Annotated photo localization data
* * * *
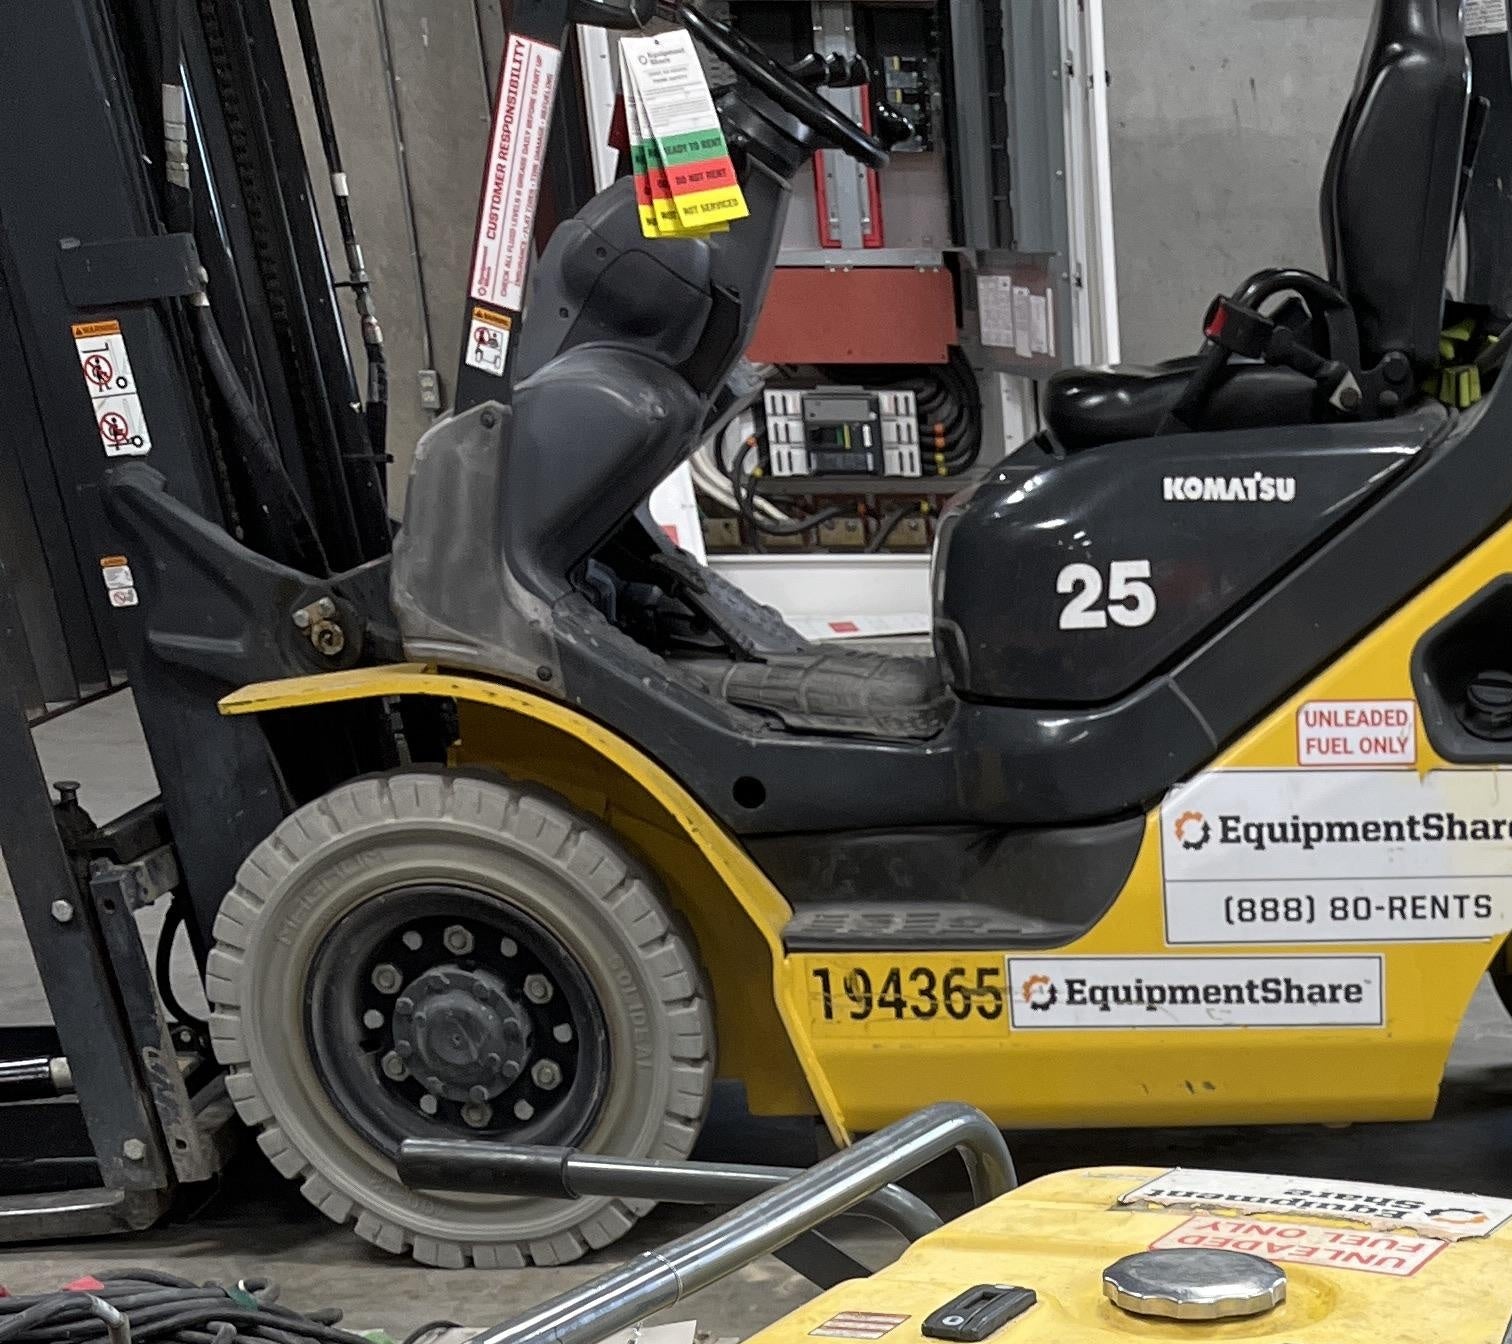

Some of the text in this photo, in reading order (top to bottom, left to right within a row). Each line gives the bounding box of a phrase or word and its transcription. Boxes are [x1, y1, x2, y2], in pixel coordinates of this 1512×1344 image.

[485, 39, 525, 241] CUSTOMER RESPONSIBILITY
[1163, 471, 1295, 501] KOMATSU
[1056, 559, 1157, 629] 25
[1304, 709, 1408, 727] UNLEADED
[1305, 736, 1409, 755] FUEL ONLY
[1224, 894, 1492, 924] (888) 80-RENTS
[812, 967, 1002, 1021] 194365
[1065, 977, 1363, 1011] EquipmentShare
[1148, 1189, 1407, 1220] Equipment
[1283, 1189, 1426, 1210] Share
[1178, 1234, 1406, 1268] UNLEADED
[1199, 1222, 1423, 1253] FUEL ONLY
* * * *
TASK DETAILS:
Excluding the pictures, restate the records above word for word.

RESULT FOR THIS TASK:
Some of the text in this photo, in reading order (top to bottom, left to right within a row). Each line gives the bounding box of a phrase or word and its transcription. Boxes are [x1, y1, x2, y2], in pixel coordinates of this 1512×1344 image.

[485, 39, 525, 241] CUSTOMER RESPONSIBILITY
[1163, 471, 1295, 501] KOMATSU
[1056, 559, 1157, 629] 25
[1304, 709, 1408, 727] UNLEADED
[1305, 736, 1409, 755] FUEL ONLY
[1224, 894, 1492, 924] (888) 80-RENTS
[812, 967, 1002, 1021] 194365
[1065, 977, 1363, 1011] EquipmentShare
[1148, 1189, 1407, 1220] Equipment
[1283, 1189, 1426, 1210] Share
[1178, 1234, 1406, 1268] UNLEADED
[1199, 1222, 1423, 1253] FUEL ONLY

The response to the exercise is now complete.